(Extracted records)
☆ ☆ ☆

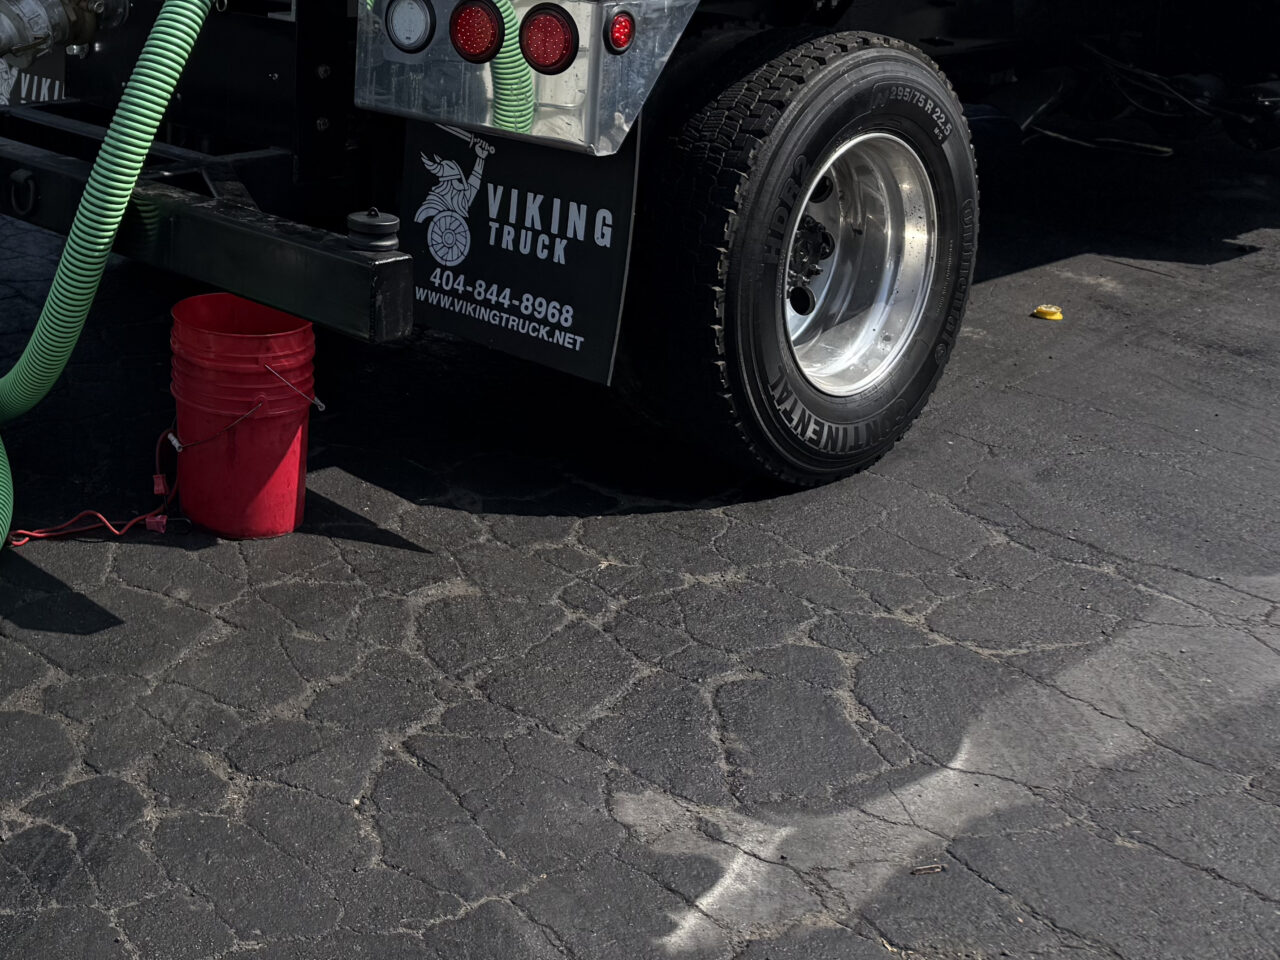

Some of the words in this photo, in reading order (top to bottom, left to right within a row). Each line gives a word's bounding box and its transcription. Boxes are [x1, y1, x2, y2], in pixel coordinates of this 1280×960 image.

[21, 72, 66, 101] VIKI
[889, 86, 926, 108] 295/75
[924, 99, 934, 114] R
[931, 107, 952, 136] 22.5
[487, 182, 614, 249] VIKING
[488, 221, 569, 265] TRUCK
[414, 286, 585, 352] WWW.VIKINGTRUCK.NET
[429, 267, 575, 328] 404-844-8968
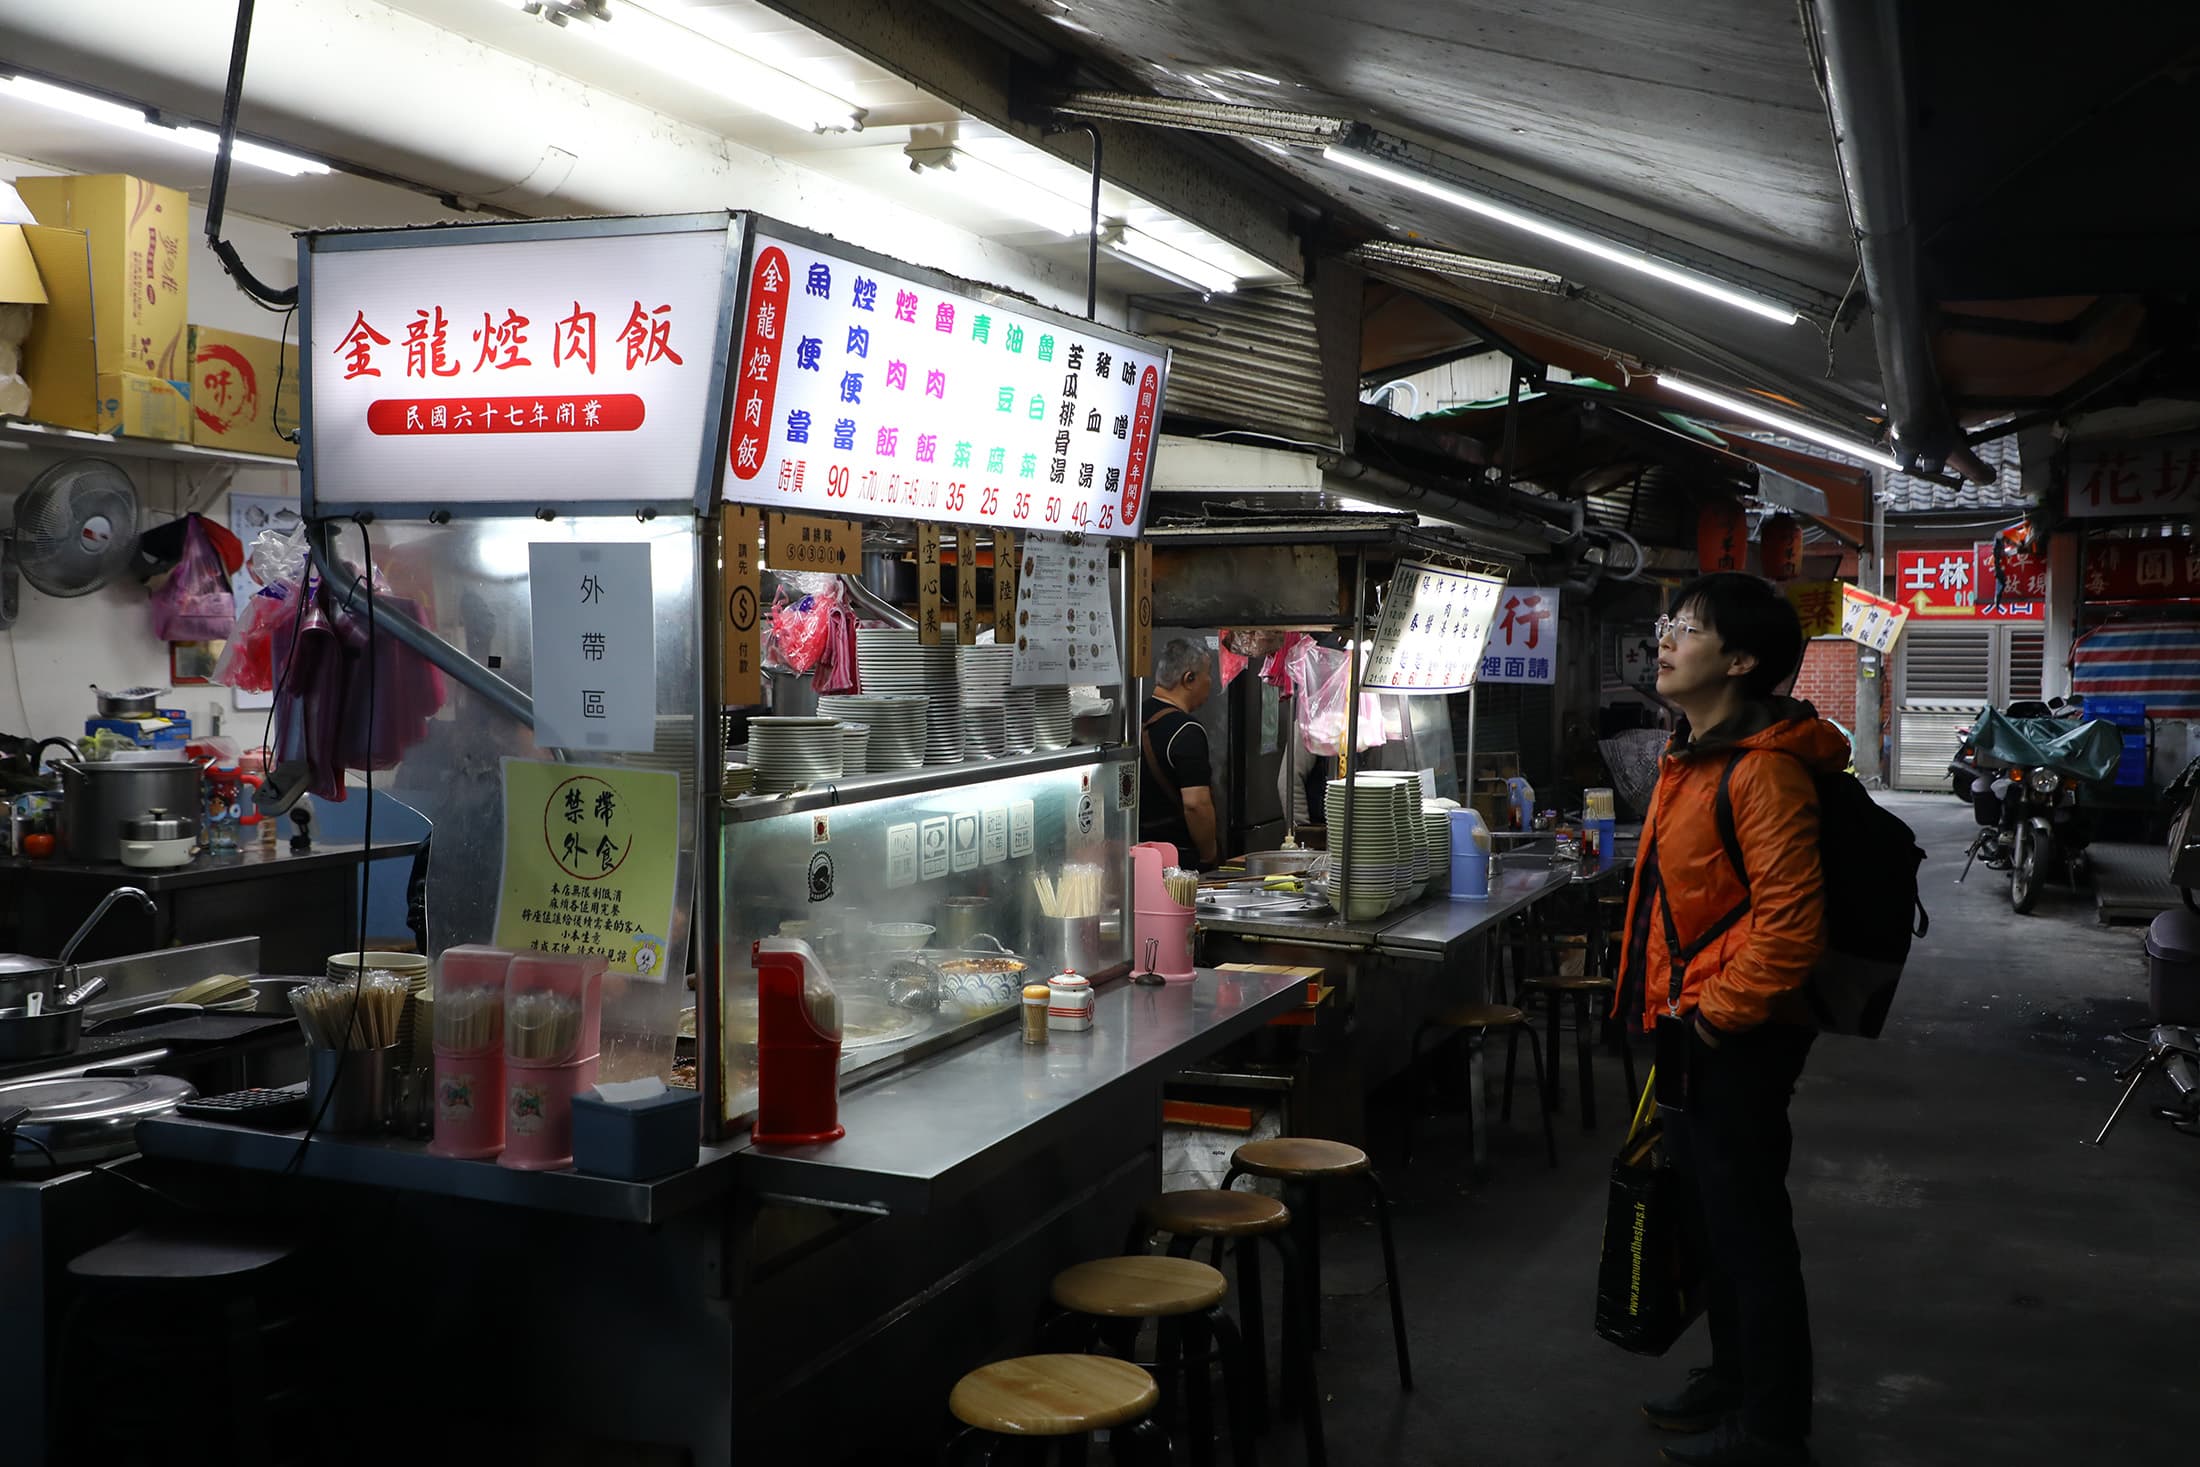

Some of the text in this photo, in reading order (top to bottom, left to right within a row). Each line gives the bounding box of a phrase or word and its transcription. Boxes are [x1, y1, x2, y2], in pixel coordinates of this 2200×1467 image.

☆ ☆ ☆

Write out the records word for word. Pictures stay out.

— Answer area —
Some of the words in this photo, in reading order (top to bottom, left to right within a row). Each line gives a word's bounding box and its transcription. Boxes are [x1, y1, x2, y2], in pixel coordinates of this 1280×960 image.

[21, 72, 66, 101] VIKI
[889, 86, 926, 108] 295/75
[924, 99, 934, 114] R
[931, 107, 952, 136] 22.5
[487, 182, 614, 249] VIKING
[488, 221, 569, 265] TRUCK
[414, 286, 585, 352] WWW.VIKINGTRUCK.NET
[429, 267, 575, 328] 404-844-8968

Some of the text in this photo, in reading order (top to bottom, left to right within a row). Each line gives the bounding box of a phrase or word and its transcription. Boxes are [x1, y1, x2, y2], in pixel coordinates of this 2200×1467 image.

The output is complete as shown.